__What to do__: With pictures left out, please repeat word for word the lines from the one containing "Some of the text" through the end of the records.

__Input__:

◆ ◆ ◆ ◆ ◆ ◆ ◆

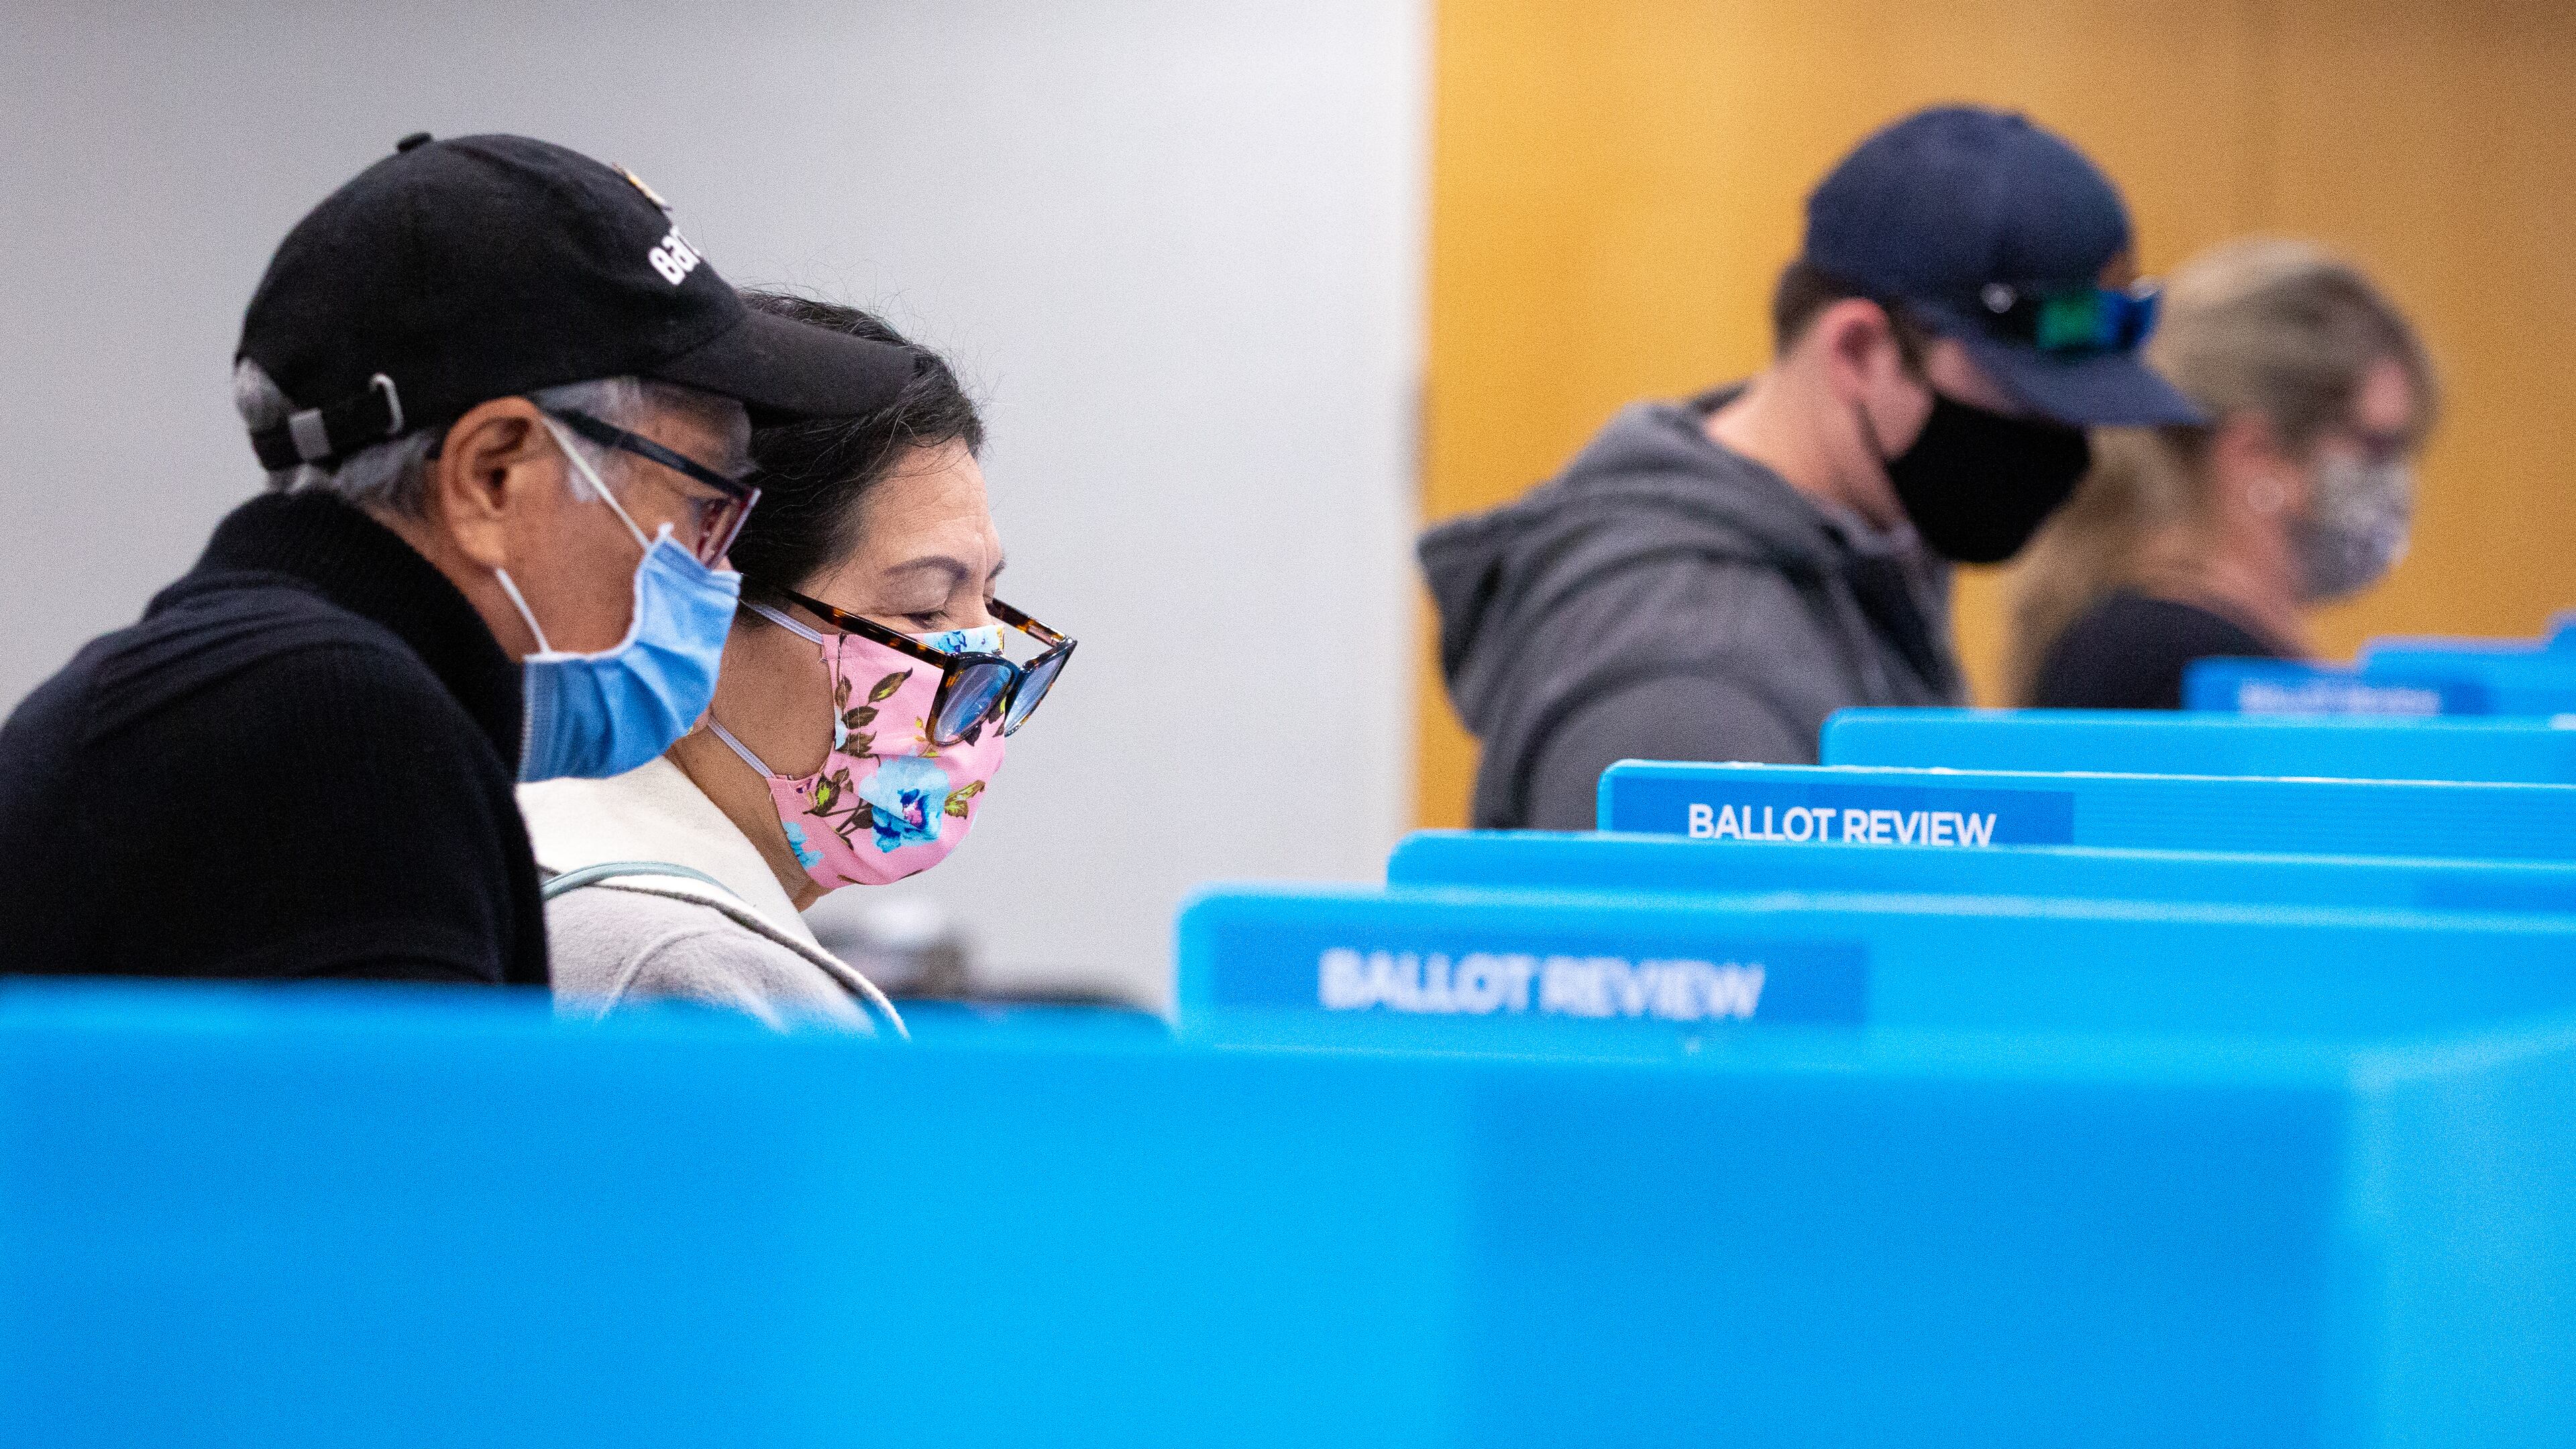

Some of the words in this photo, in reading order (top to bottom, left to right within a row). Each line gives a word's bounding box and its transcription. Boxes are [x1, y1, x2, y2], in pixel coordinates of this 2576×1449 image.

[1688, 803, 1837, 843] BALLOT
[1842, 808, 1997, 848] REVIEW
[1320, 948, 1536, 1014] BALLOT
[1540, 954, 1764, 1020] REVIEW
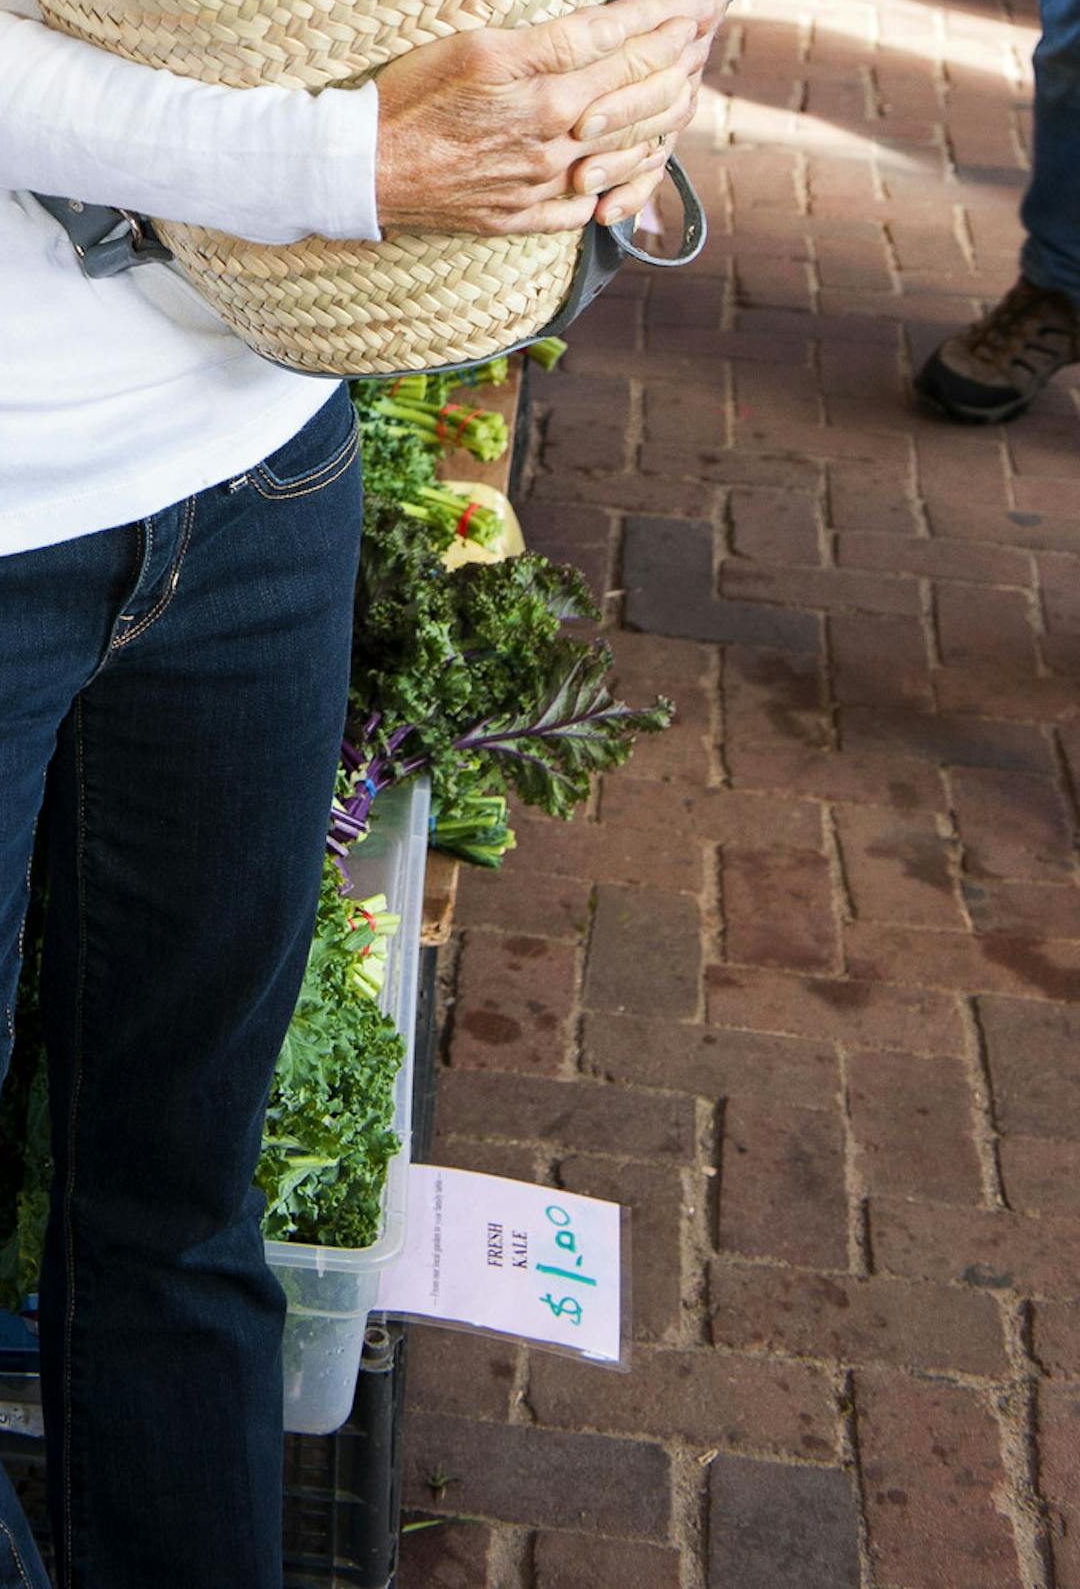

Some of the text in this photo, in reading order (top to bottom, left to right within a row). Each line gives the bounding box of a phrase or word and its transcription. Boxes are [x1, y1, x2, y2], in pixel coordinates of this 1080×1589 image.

[487, 1222, 504, 1268] FRESH
[512, 1230, 528, 1269] KALE
[536, 1205, 598, 1326] $1.00
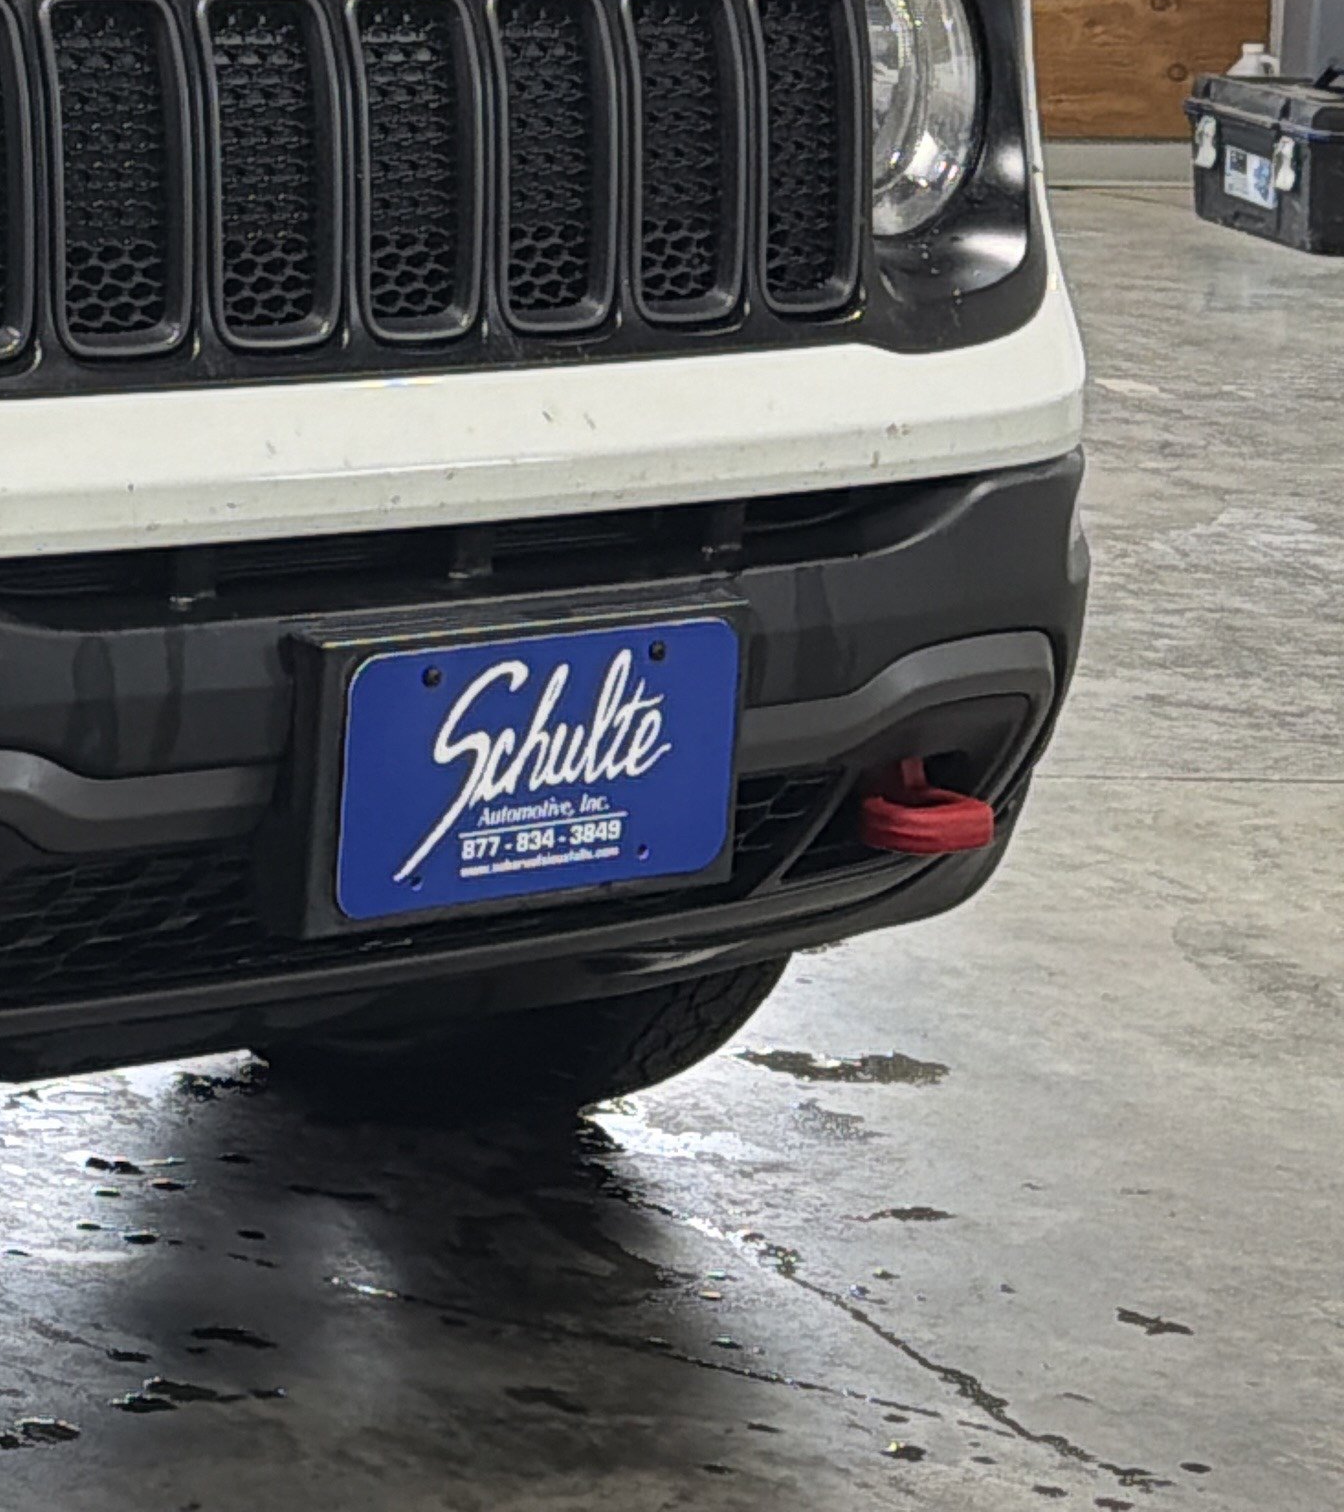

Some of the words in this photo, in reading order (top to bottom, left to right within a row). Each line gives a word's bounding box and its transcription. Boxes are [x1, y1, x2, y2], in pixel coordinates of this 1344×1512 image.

[393, 648, 672, 882] Schulte
[580, 792, 611, 814] Inc.
[461, 835, 501, 861] 877
[516, 828, 555, 853] 834
[569, 819, 622, 845] 3849

◆ ◆ ◆ ◆ ◆ ◆ ◆

__Answer__:
Some of the text in this photo, in reading order (top to bottom, left to right within a row). Each line gives the bounding box of a phrase or word and its transcription. Boxes are [x1, y1, x2, y2], in pixel coordinates of this 1080×1589 image.

[487, 1222, 504, 1268] FRESH
[512, 1230, 528, 1269] KALE
[536, 1205, 598, 1326] $1.00

Some of the words in this photo, in reading order (top to bottom, left to right within a row). Each line gives a word's bounding box and its transcription. Boxes are [x1, y1, x2, y2], in pixel coordinates of this 1344×1512 image.

[393, 648, 672, 882] Schulte
[580, 792, 611, 814] Inc.
[461, 835, 501, 861] 877
[516, 828, 555, 853] 834
[569, 819, 622, 845] 3849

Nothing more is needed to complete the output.